Suggestion: Leave the calculations to deterministic (rule-based) systems! I’ve been advised to use dedicated software.
3. Usecase: Data validation and ETL pipelines
Risk: Architectural misuse
Task: Replacing validation logic with AI inference
ETL (Extract, Transform, Load) pipelines are the plumbing of data infrastructure. They exist to move data reliably from one place to another, applying defined transformations and quality checks along the way.
When teams try to use AI to “intelligently” validate data or infer transformations, they are substituting a probabilistic model for a deterministic contract.
If the rule is “a valid UK postcode matches this regex and the district must exist in this lookup table,” write that rule.
An AI model that infers whether a postcode looks valid introduces latency, cost, and unpredictability into a pipeline that needs to be fast, cheap, and always correct.
Suggestion: Use AI upstream to clean and classify data before it enters the pipeline, but not in the pipeline.
4. Usecase: Form processing with defined schemas
Risk: Overcomplicated solution
Task: AI-based form parsing when structured input already exists
If users submit a form with defined fields, like: name, date, amount, category, and you then use AI to “understand” what they entered, you have added complexity without adding value. A form with structured fields is already a data contract. Parse it as one.
AI adds genuine value when the input is a free-text field or an uploaded document with no schema, where humans express the same intent in dozens of different ways. If the input is already structured, honour that structure.
Suggestion: Build deterministic functions. They are faster, cheaper, testable, and they do not hallucinate.
The decision framework
Before commissioning an AI feature or project, run it through these four questions:
- Could a junior developer write an explicit rule for every case? If yes, write the rules. AI is unnecessary.
- Is the output used in a financial, legal, or compliance context? If yes, every error has a cost. AI needs a verification layer, and if that layer is thorough enough, ask whether AI is adding anything.
- Does the input already have a defined schema? Structured data should be processed by deterministic code. AI is for unstructured input.
- Is accuracy 100% required, with no tolerance for review? AI is not the tool. If accuracy is high but human review is part of the workflow, AI as a first-pass is viable.
The real cost of AI misuse
The failure mode of a badly-applied AI project is rarely a dramatic crash. It is a slow erosion of trust. The model extracts 97% of fees correctly, and the 3% errors slip through into contracts or payment runs for months before anyone notices. The invoice processor seems to work, until a discount is misapplied on a high-value client. The ETL pipeline “mostly” validates correctly, until a batch of corrupted records reaches production.

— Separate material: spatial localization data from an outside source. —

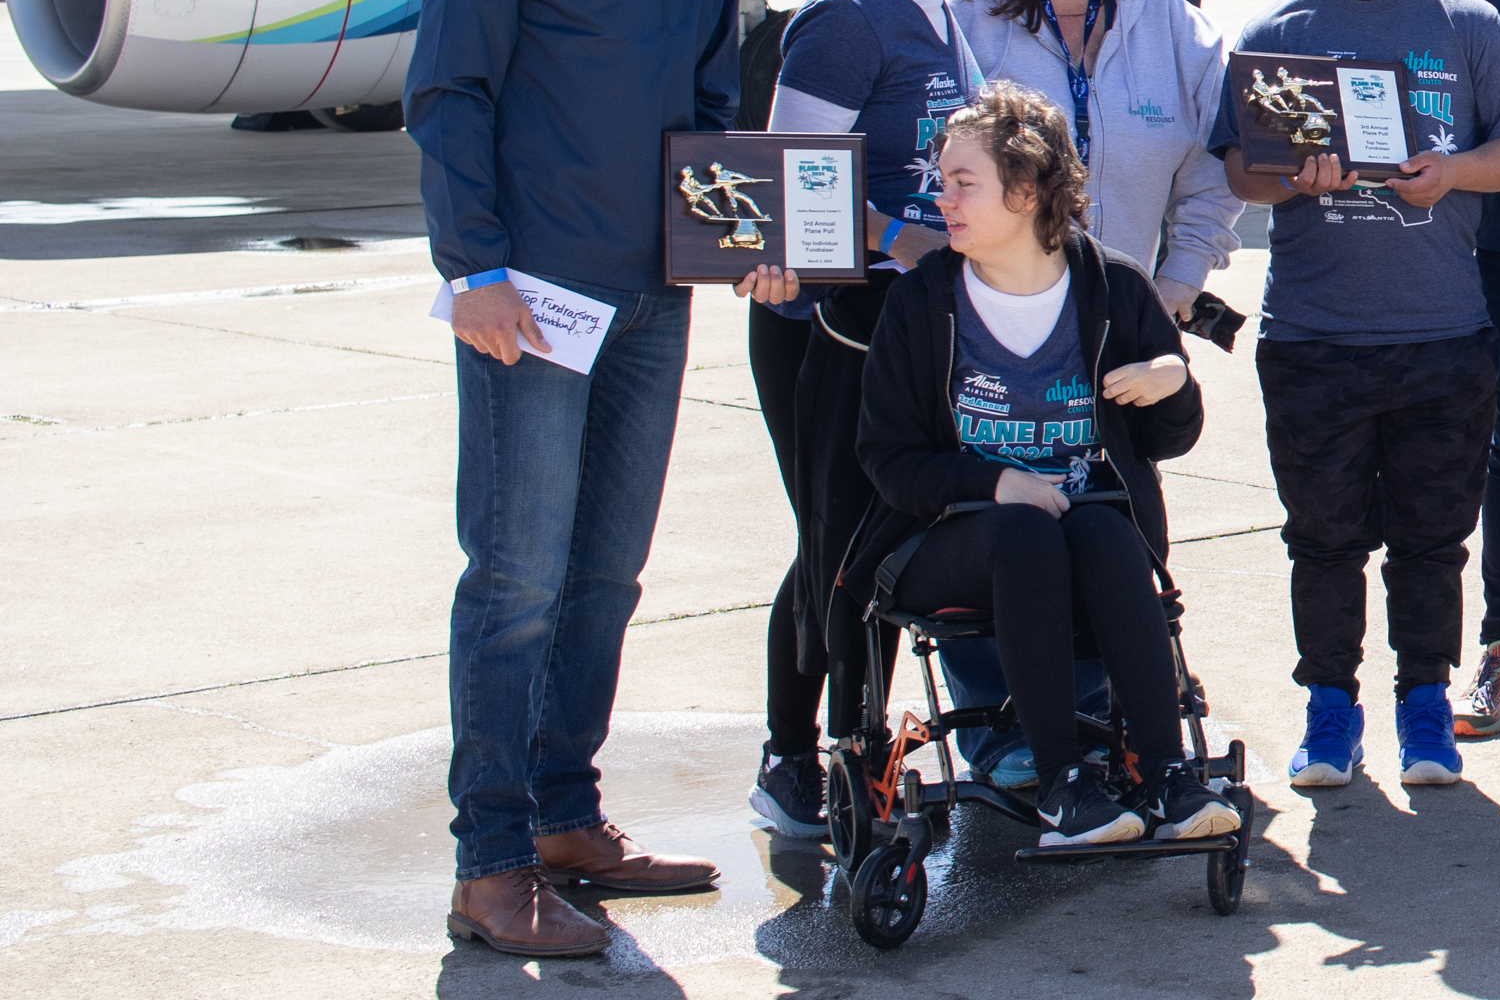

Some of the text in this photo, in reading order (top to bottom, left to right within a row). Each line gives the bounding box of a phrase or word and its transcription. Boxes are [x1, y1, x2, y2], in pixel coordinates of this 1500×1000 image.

[1417, 70, 1458, 82] RESOURCE
[929, 89, 958, 97] AIRLINES
[926, 99, 942, 109] 3rd
[1128, 98, 1163, 120] alpha
[798, 165, 820, 173] PLANE
[518, 289, 603, 335] Top Fundraising
[964, 386, 1004, 400] AIRLINES
[1045, 374, 1093, 405] alpha
[958, 393, 1010, 413] 3rd Annual
[1068, 398, 1095, 408] RESOU
[998, 446, 1053, 460] 2024

In deterministic systems, errors are reproducible and fixable. In probabilistic systems, errors are statistical: they happen at a rate, not at a moment. That distinction matters enormously when the output has business consequences.
The hardest question to ask: “If this AI feature produces a wrong answer 2% of the time, what is the cost of that 2%?” If the answer is “we would not know until it was too late,” reconsider the architecture.
The takeaway
Generative AI is not a universal upgrade to every workflow it touches. It is a powerful tool for a specific class of problem: messy, variable, human-language input that needs to be interpreted, summarised, or generated with contextual nuance. For everything else, including calculation, validation, structured parsing and rule-based routing, the deterministic function you would have written five years ago is still the right answer.
The most useful skill a product manager can develop in the current moment is not knowing how to use AI. It is knowing when not to.